2. The ruler drop test of Mackenzie (24), in which the subject must catch as quickly as possible a ruler 40 cm long dropped by the examiner, evaluates reaction time.

3. The dual task test of Lundin-Olsson et al. (25) assesses coordination by measuring the time difference between a 10-m simple brisk walk and a 10-m brisk walk with a constraint (holding a ball balanced on a plate without dropping it). Dual task tests typically require the participants to divide their attention and concurrently execute two different tasks. Inability to perform two or more tasks simultaneously (multi- or dual-tasking) is regarded as an indicator of a higher fall risk (26).
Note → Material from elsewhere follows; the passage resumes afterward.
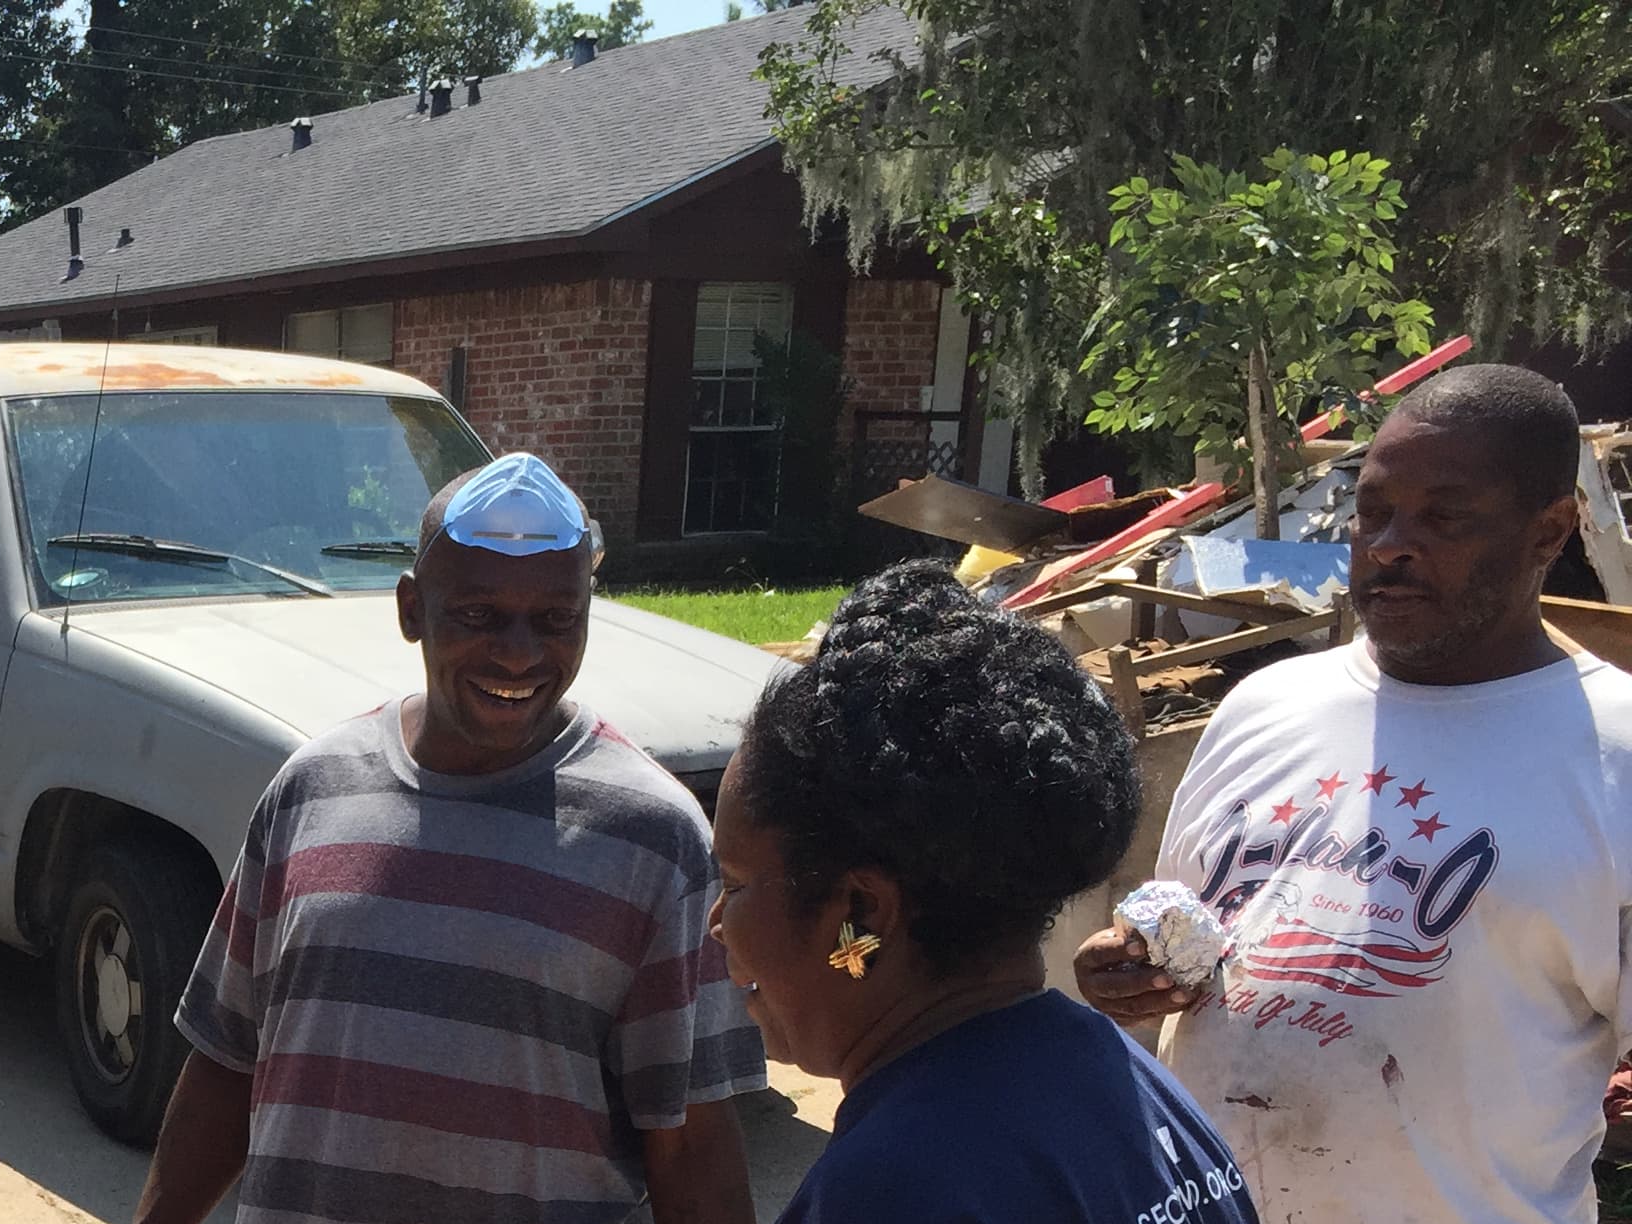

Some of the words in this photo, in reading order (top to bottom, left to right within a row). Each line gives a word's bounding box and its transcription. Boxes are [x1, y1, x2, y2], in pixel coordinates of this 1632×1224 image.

All the tests were performed twice, except for the 6-min walk test, and the higher score was retained (25). The order of the tests was as follows: 6-min walk test (m), trunk strength test (n), hand grip strength test (N/kg), medicine ball throwing test (m), 30-s chair stand test (n), flexibility test (cm), balance test (Δs), plate tapping test (s), ruler drop test (cm), and dual task test (Δs).

Statistical Analysis

Besides the usual descriptive statistics to characterize the population (continuous data were expressed as mean ± standard deviation), psychometric properties were evaluated according to COSMIN guidelines (27).
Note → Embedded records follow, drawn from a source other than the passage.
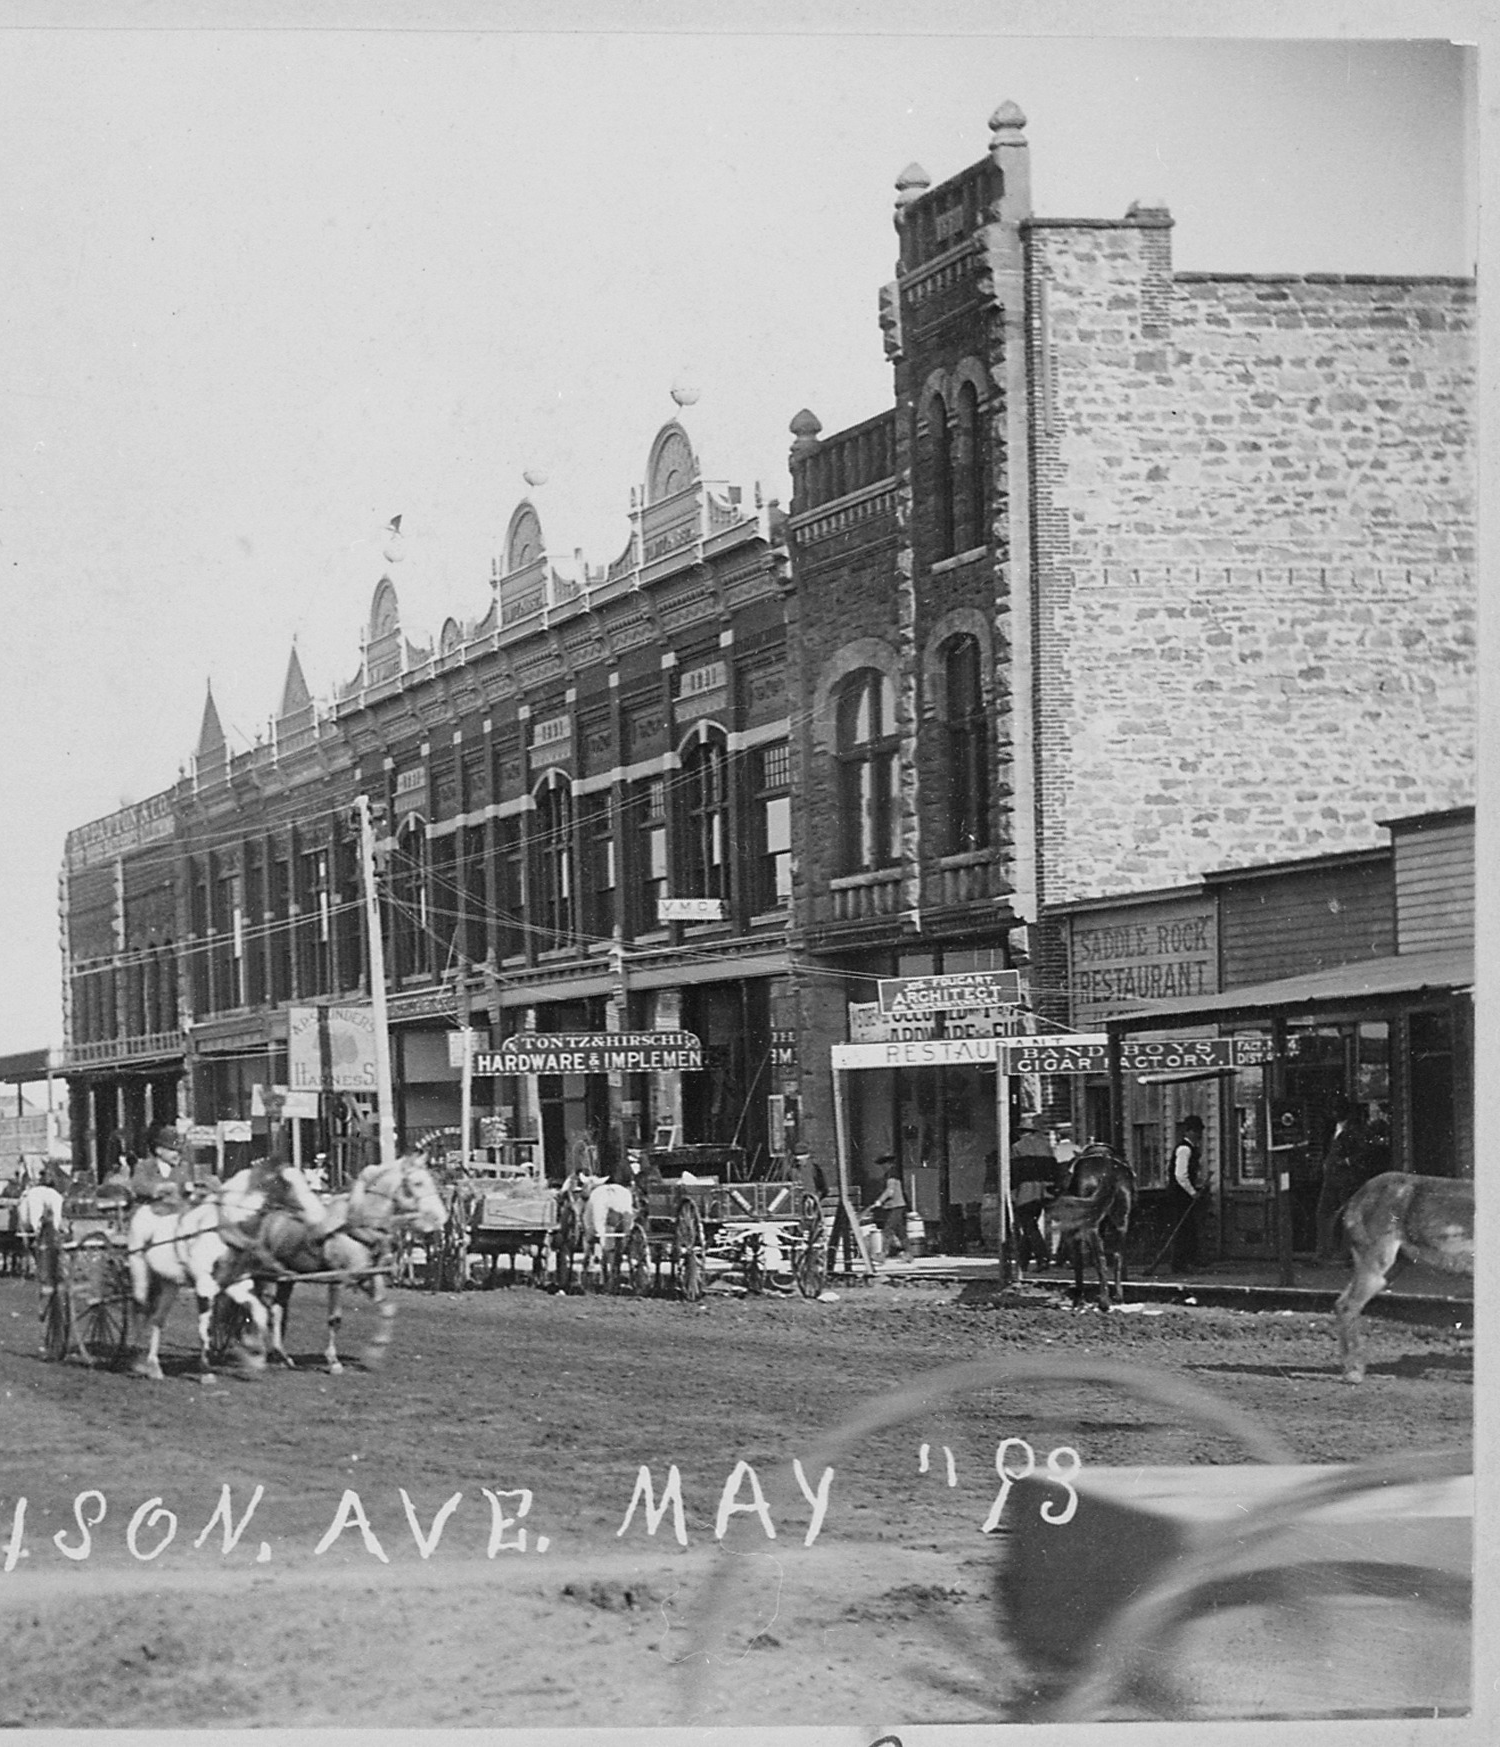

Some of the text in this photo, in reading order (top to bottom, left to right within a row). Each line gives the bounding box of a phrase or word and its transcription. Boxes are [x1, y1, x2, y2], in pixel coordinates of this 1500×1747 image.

[1081, 918, 1208, 960] SADDLE ROCK
[1080, 961, 1208, 1003] RESTAURANT
[894, 985, 1002, 1005] ARCHITECT
[1023, 1042, 1212, 1059] BAND BOYS
[477, 1051, 701, 1073] HARDWARE & IMPLEMEN
[1017, 1058, 1092, 1072] CIGAR
Internal consistency property was measured in a variety of ways, Cronbach's alpha (for all items and for one measure if a single item was removed), correlations between an item and the remaining items in the measure (called corrected item-scale correlations), the average inter-item correlation, the range of inter-item correlations, and the individual inter-item correlations of the scale. Cronbach's α calculated to evaluate internal consistency property tells us the extent to which items in the questionnaire are consistent and measure attributes of a single concept. Values closer to one indicate a higher internal consistency, and values closer to zero indicate a lower internal consistency. For a good scale, the average inter-item correlations should be between 0.15 and 0.50. Item means, standard errors, and inter-item total correlations were calculated.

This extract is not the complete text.